Abu Hamid, located in the central jordan Valley is a site of the late 6th-early 4th millennium BC. Five seasons of excavations have been conducted, sponsored on the french side by the french National Center of Scientific Research (CNRS) and the Ministry of Foreign Affairs, on the Jordanian one by the University of Yarmouk, with the constant help of the Department of Antiquities of Jordan. The first three seasons benefitted of a grant of the National Geographical Society. The research is pluridisciplinary and international. Its aims are :
to help to reconstruct by geoarcheological studies and by archeozoological and paleobotanical ones as well the paleoenvironement of the region at the beginning of the Holocene and to look at the interactions man-environment in this specific region.

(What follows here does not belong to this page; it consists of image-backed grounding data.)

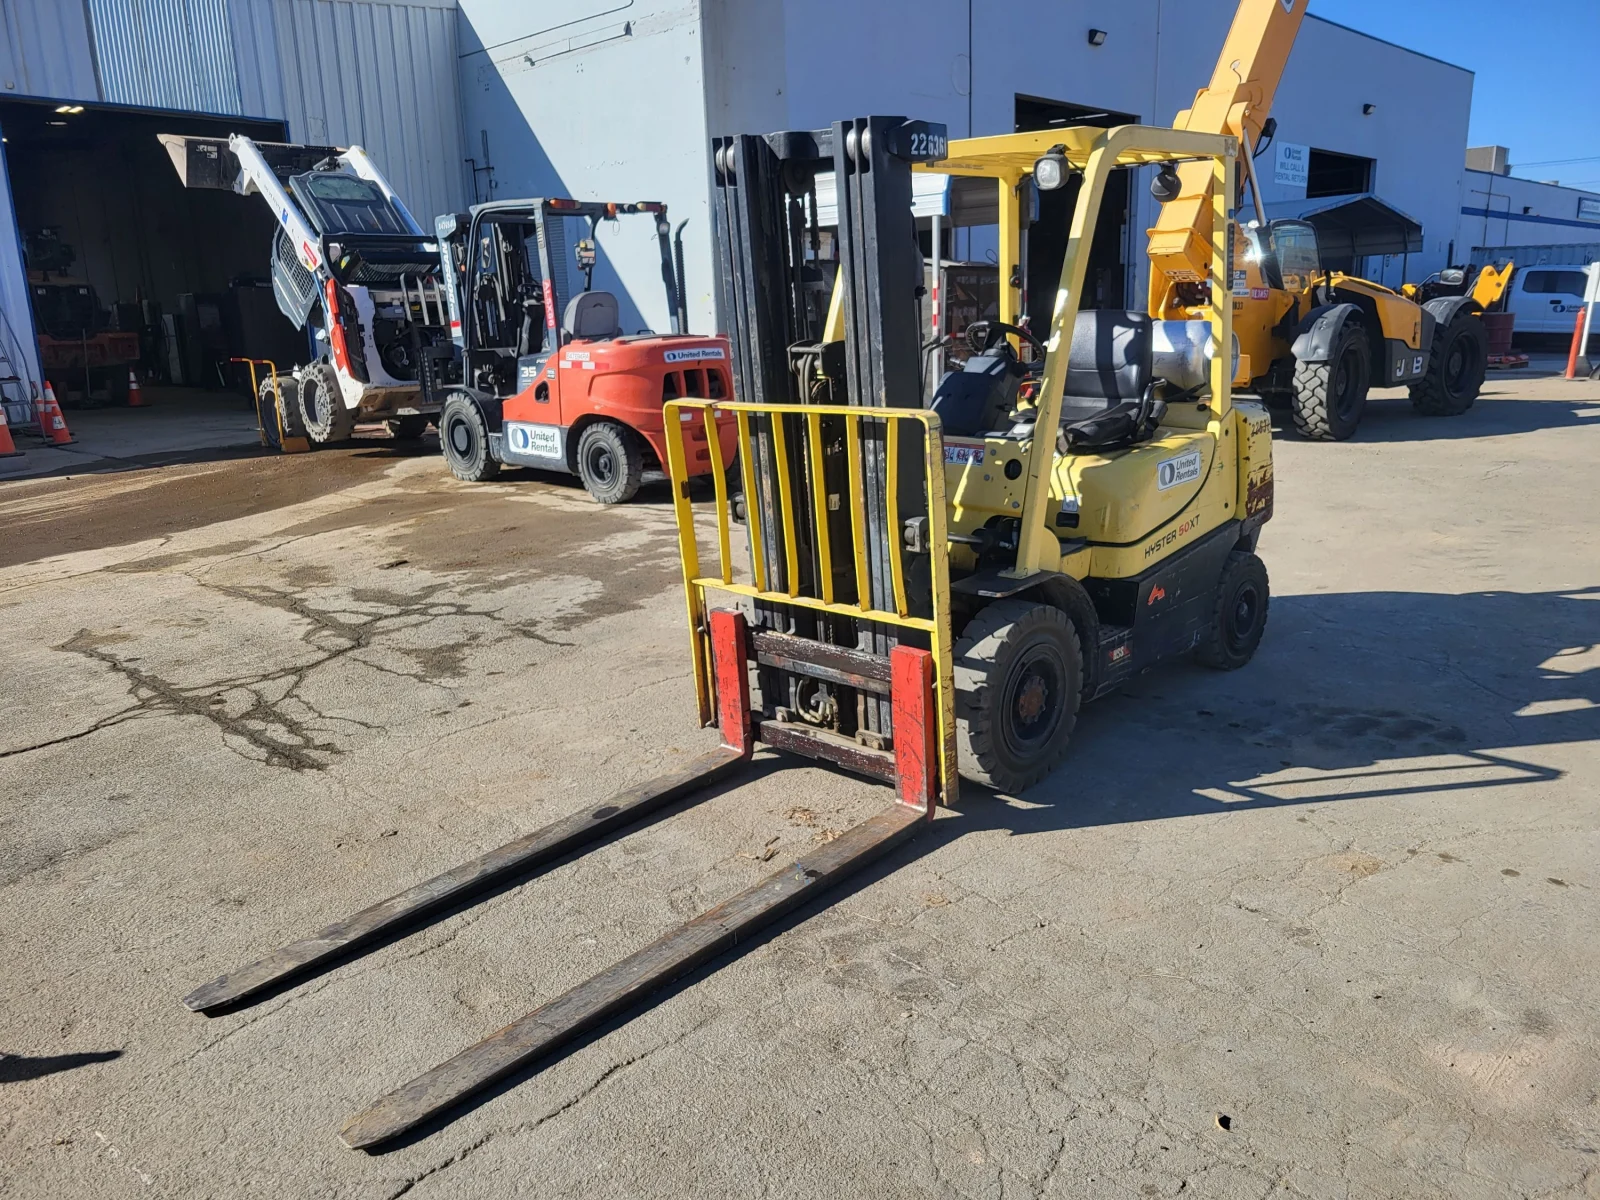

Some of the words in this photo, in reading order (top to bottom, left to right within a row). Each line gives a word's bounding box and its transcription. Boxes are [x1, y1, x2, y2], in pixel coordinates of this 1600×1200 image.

[1290, 163, 1300, 172] CALL
[677, 351, 700, 359] United
[701, 350, 722, 358] Rentals
[520, 366, 536, 377] 35
[530, 430, 555, 442] United
[531, 441, 559, 454] Rentals
[1176, 455, 1198, 471] United
[1175, 466, 1198, 481] Rentals
[1144, 529, 1177, 559] HYSTER
[1178, 513, 1201, 537] 50XT

to establish, on solid stratigraphical basis, archaeological and cultural sequences in order to be able to compare the evolution of Abu Hamid settlement with others of the Valley and of the neighbouring regions (Djaulan and Hauran, Jordanian Plateau, Araba region, Desert of Judea, Neguev, Mediterranean Coast...) and to see the role that this site could have played at certain periods.
to examine what has been the socio-economic and technological evolution of the groups that were occupying the site.
Ca 5200-4800 BC. the settlement is a group of semi-subterranean dwelling pits ; the inhabitants are living on agriculture and herding. Ca 4700 BC., and for one or two centuries, the mobility of the groups seems to be greater : only postholes, hearths, firepits, plaster basins and pits have been uncovered. Ca 4600-4300 BC. Abu Hamid becomes a village ; the habitations are pluricellular and built in mudbricks. Ca 4000 BC. the settlement is much larger and covers about 6 ha, surounded by fields of leguminous, wheat and barley and olive trees as well. The material culture shows that at this period the site has links with the Djaulan and the Hauran (most probably on a transhumant basis) as well as with the Neguev (could be for ritual purposes).